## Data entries

---------------

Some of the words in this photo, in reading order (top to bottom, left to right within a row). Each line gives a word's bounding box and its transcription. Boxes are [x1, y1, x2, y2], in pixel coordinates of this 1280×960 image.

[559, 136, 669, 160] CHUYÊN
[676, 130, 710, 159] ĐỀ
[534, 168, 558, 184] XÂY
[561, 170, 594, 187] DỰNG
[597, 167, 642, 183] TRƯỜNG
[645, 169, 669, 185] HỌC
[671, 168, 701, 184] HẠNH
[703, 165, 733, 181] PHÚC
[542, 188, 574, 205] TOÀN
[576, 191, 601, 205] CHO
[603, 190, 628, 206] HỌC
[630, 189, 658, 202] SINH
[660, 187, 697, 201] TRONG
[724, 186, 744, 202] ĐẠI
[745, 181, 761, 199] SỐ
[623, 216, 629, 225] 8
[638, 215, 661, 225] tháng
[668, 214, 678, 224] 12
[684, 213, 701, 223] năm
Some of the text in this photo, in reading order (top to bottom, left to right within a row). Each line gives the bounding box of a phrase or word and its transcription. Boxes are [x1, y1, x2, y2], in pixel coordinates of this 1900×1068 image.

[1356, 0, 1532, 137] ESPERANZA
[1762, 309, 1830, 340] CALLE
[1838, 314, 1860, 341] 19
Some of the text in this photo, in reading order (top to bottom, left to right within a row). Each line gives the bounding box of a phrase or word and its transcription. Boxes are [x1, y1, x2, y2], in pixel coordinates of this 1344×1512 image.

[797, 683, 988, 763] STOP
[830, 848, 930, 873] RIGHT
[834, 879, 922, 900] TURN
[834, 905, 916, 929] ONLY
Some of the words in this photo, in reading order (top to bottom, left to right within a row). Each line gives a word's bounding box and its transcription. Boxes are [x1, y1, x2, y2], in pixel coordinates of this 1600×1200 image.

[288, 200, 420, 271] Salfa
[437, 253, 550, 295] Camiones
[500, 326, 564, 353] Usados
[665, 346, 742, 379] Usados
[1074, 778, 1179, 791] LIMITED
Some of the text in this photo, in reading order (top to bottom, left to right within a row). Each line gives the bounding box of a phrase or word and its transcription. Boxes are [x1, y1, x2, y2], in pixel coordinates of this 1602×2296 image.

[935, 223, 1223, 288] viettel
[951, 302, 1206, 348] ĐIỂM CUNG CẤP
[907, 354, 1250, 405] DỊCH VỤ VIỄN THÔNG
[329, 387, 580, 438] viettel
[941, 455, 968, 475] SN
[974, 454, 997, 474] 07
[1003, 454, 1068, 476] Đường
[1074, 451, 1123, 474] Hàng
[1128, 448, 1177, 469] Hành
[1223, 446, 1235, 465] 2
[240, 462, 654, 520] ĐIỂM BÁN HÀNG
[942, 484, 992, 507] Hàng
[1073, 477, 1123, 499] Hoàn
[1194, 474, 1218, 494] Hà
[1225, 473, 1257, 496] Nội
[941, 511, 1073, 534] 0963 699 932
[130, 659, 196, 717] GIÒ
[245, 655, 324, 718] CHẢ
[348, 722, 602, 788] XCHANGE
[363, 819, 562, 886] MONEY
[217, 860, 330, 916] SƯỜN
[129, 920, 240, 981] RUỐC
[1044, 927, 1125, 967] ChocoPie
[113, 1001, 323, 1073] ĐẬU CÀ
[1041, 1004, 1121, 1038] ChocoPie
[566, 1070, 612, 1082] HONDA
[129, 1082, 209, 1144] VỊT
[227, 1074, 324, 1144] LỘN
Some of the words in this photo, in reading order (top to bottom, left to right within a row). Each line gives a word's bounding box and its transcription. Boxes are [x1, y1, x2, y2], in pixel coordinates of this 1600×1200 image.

---------------

## Task to carry out
Word for word, reproduce every line of the data.

## Expected answer
Some of the words in this photo, in reading order (top to bottom, left to right within a row). Each line gives a word's bounding box and its transcription. Boxes are [x1, y1, x2, y2], in pixel coordinates of this 1280×960 image.

[559, 136, 669, 160] CHUYÊN
[676, 130, 710, 159] ĐỀ
[534, 168, 558, 184] XÂY
[561, 170, 594, 187] DỰNG
[597, 167, 642, 183] TRƯỜNG
[645, 169, 669, 185] HỌC
[671, 168, 701, 184] HẠNH
[703, 165, 733, 181] PHÚC
[542, 188, 574, 205] TOÀN
[576, 191, 601, 205] CHO
[603, 190, 628, 206] HỌC
[630, 189, 658, 202] SINH
[660, 187, 697, 201] TRONG
[724, 186, 744, 202] ĐẠI
[745, 181, 761, 199] SỐ
[623, 216, 629, 225] 8
[638, 215, 661, 225] tháng
[668, 214, 678, 224] 12
[684, 213, 701, 223] năm
Some of the text in this photo, in reading order (top to bottom, left to right within a row). Each line gives the bounding box of a phrase or word and its transcription. Boxes are [x1, y1, x2, y2], in pixel coordinates of this 1900×1068 image.

[1356, 0, 1532, 137] ESPERANZA
[1762, 309, 1830, 340] CALLE
[1838, 314, 1860, 341] 19
Some of the text in this photo, in reading order (top to bottom, left to right within a row). Each line gives the bounding box of a phrase or word and its transcription. Boxes are [x1, y1, x2, y2], in pixel coordinates of this 1344×1512 image.

[797, 683, 988, 763] STOP
[830, 848, 930, 873] RIGHT
[834, 879, 922, 900] TURN
[834, 905, 916, 929] ONLY
Some of the words in this photo, in reading order (top to bottom, left to right within a row). Each line gives a word's bounding box and its transcription. Boxes are [x1, y1, x2, y2], in pixel coordinates of this 1600×1200 image.

[288, 200, 420, 271] Salfa
[437, 253, 550, 295] Camiones
[500, 326, 564, 353] Usados
[665, 346, 742, 379] Usados
[1074, 778, 1179, 791] LIMITED
Some of the text in this photo, in reading order (top to bottom, left to right within a row). Each line gives the bounding box of a phrase or word and its transcription. Boxes are [x1, y1, x2, y2], in pixel coordinates of this 1602×2296 image.

[935, 223, 1223, 288] viettel
[951, 302, 1206, 348] ĐIỂM CUNG CẤP
[907, 354, 1250, 405] DỊCH VỤ VIỄN THÔNG
[329, 387, 580, 438] viettel
[941, 455, 968, 475] SN
[974, 454, 997, 474] 07
[1003, 454, 1068, 476] Đường
[1074, 451, 1123, 474] Hàng
[1128, 448, 1177, 469] Hành
[1223, 446, 1235, 465] 2
[240, 462, 654, 520] ĐIỂM BÁN HÀNG
[942, 484, 992, 507] Hàng
[1073, 477, 1123, 499] Hoàn
[1194, 474, 1218, 494] Hà
[1225, 473, 1257, 496] Nội
[941, 511, 1073, 534] 0963 699 932
[130, 659, 196, 717] GIÒ
[245, 655, 324, 718] CHẢ
[348, 722, 602, 788] XCHANGE
[363, 819, 562, 886] MONEY
[217, 860, 330, 916] SƯỜN
[129, 920, 240, 981] RUỐC
[1044, 927, 1125, 967] ChocoPie
[113, 1001, 323, 1073] ĐẬU CÀ
[1041, 1004, 1121, 1038] ChocoPie
[566, 1070, 612, 1082] HONDA
[129, 1082, 209, 1144] VỊT
[227, 1074, 324, 1144] LỘN
Some of the words in this photo, in reading order (top to bottom, left to right within a row). Each line gives a word's bounding box and its transcription. Boxes are [x1, y1, x2, y2], in pixel coordinates of this 1600×1200 image.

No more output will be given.